The event was swamped, especially by the younger employees of the agency who wanted to meet these latest heroes of the web.
“There is such a mystique about YouTube,” says one executive who attended. “Everyone just wanted to see these guys, who set up a company in their garage less than two years ago, and may one day be billionaires.”
The two partners are getting used to such adulation. Just last month, at the media industry’s most exclusive annual gathering in Sun Valley, some of the most seasoned media executives were jostling for a chance to spend time with Mr Hurley, the 29-year-old chief executive of YouTube.
The reason for the excitement among advertisers and media executives is YouTube’s astonishing online audience. The company was set up in February 2005, and has become one of the biggest internet destinations.
More than 100m videos are watched on the site each day. Many of them are videos created by people themselves. Copies of television shows and content recorded from the television or the internet, often illegally, are also widely watched.
However, it is far from clear how YouTube, media groups and advertisers will co-exist in the longer term.
On the advertising front, YouTube on Tuesday revealed a number of initiatives aimed at attracting some of the billions of dollars that marketers are shifting to online spending.
Just as MySpace.com, the social networking site owned by News Corp that has also risen to be a top online destination in a short time, has developed special areas for advertisers not directly linked to unscreened content created by amateurs, YouTube has created “brand channels”.

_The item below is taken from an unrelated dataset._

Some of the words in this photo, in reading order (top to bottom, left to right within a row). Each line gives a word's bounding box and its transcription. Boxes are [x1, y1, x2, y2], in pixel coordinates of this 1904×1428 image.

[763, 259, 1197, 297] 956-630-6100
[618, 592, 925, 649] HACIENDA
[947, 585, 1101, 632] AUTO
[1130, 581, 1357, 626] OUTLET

In addition, advertisers can create pages where users can make their own commercials, using the tools that have fuelled the popularity of YouTube, MySpace and similar sites. These “web 2.0” tools allow people to create, edit, share and comment on content.
But while advertisers are leaping on the user-generated content bandwagon and increasingly letting people get involved in making commercials, the biggest content companies such as music groups or film studios are not sure how such manipulation will work for them.

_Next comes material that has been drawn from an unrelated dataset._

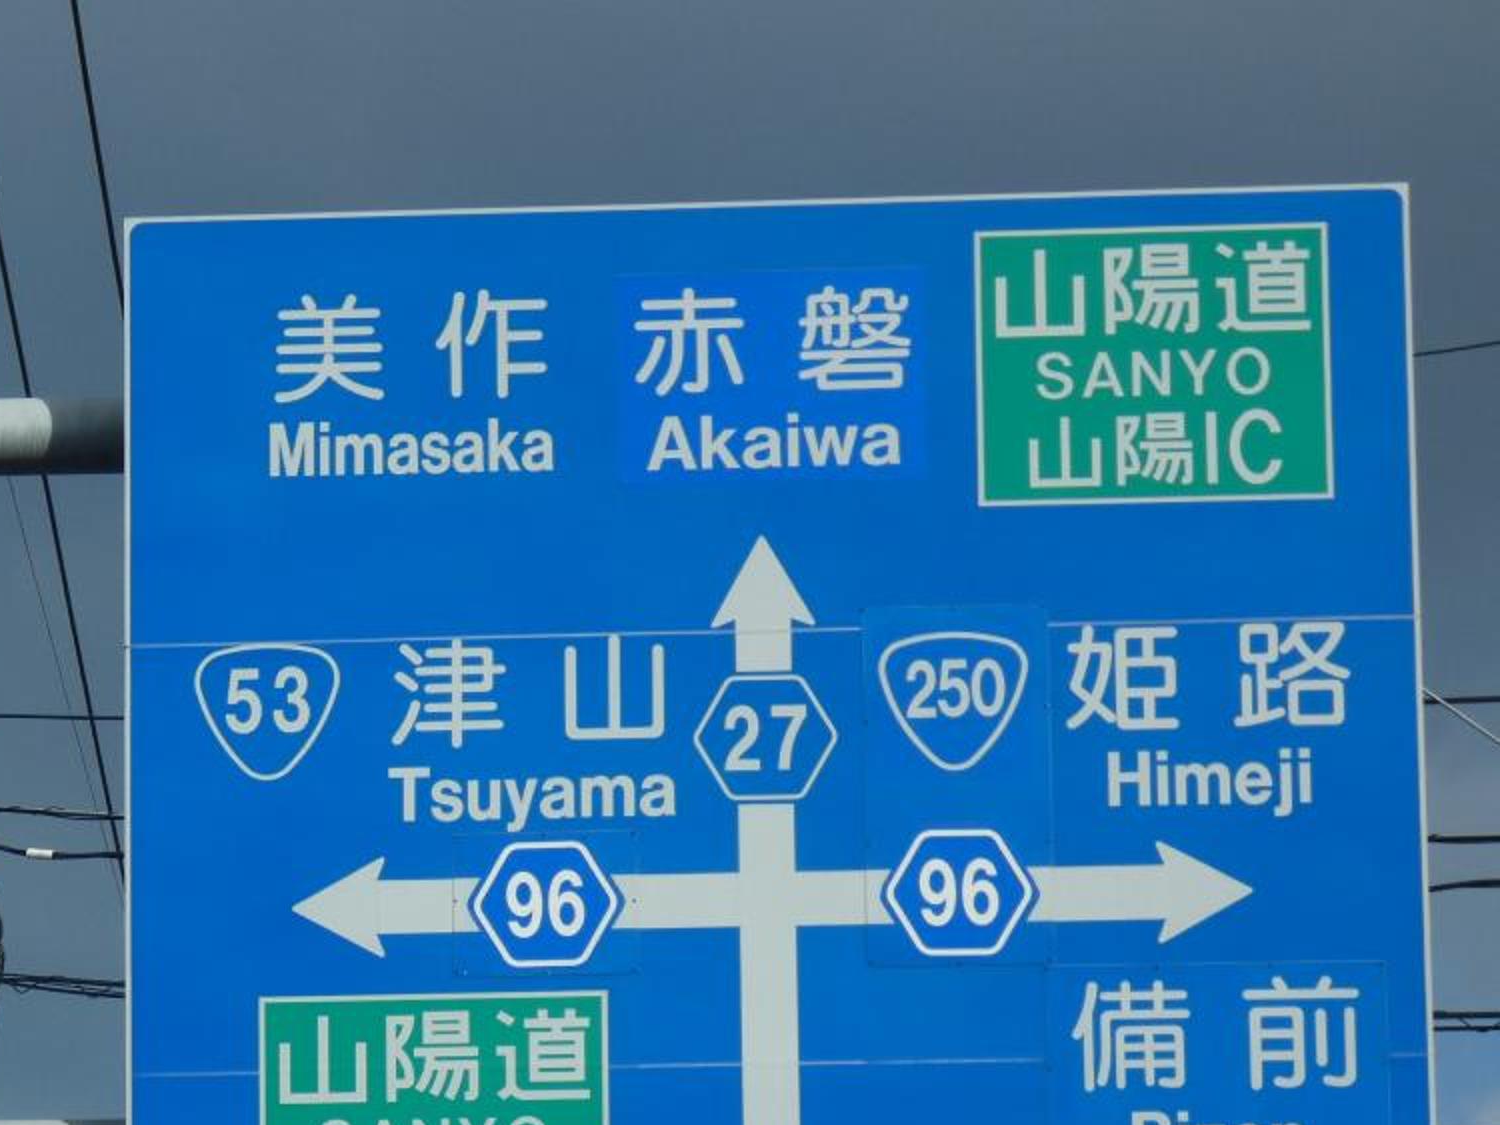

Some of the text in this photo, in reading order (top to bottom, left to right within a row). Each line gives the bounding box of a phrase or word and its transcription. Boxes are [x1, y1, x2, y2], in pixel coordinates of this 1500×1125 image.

Discussions are taking place between content providers and YouTube, as well as with other user-generated content sites. Warner Music and EMI have confirmed they are in talks with YouTube. “With all the social community sites out there our goal is to develop valuable, sustainable revenue streams from them,” said George White, senior vice-president of strategy and product digital development at Warner Music. “We are putting a lot of effort into these discussions.”
YouTube has reached an agreement with NBC Universal to create a special branded area on the site where NBC can showcase its top content, a recognition of the marketing potential of having YouTube users pass around their favourite clips.
According to executives involved in discussions, there are two areas of negotiation. The first involves a fairly traditional issue: how YouTube should pay content providers. Just as sites such as AOL and Yahoo began paying to show music videos online, similar talks are being held with YouTube. Instead of licensing content, the business model is expected to involve sharing advertising revenues.
Already, a lot of videos shown on YouTube are music videos, but they run without explicit permission. For YouTube, reaching agreement with the music companies is very important. It reduces the chances of being sued by the big music groups, a path that led to the extinction of previous internet sensation Napster.
It might also mean advertisers are more attracted to the site, as big brands prefer to advertise next to professional content rather than amateur productions.
But there is a bigger negotiating issue, which media executives say is the area where discussions are the most heated and for which there is not really a model yet: whether professionally produced content can be manipulated by viewers.
“This is an entirely new area,” says one executive. “To work out agreements which allow your content to be changed by others involves a completely different perspective, and not everyone is willing to make that leap.”
If Mr Hurley and Mr Chen can jump over this hurdle and make YouTube a new kind of distribution partner for some of the world’s biggest media companies, the chances that they will actually become billionaires, or at least millionaires, would likely increase.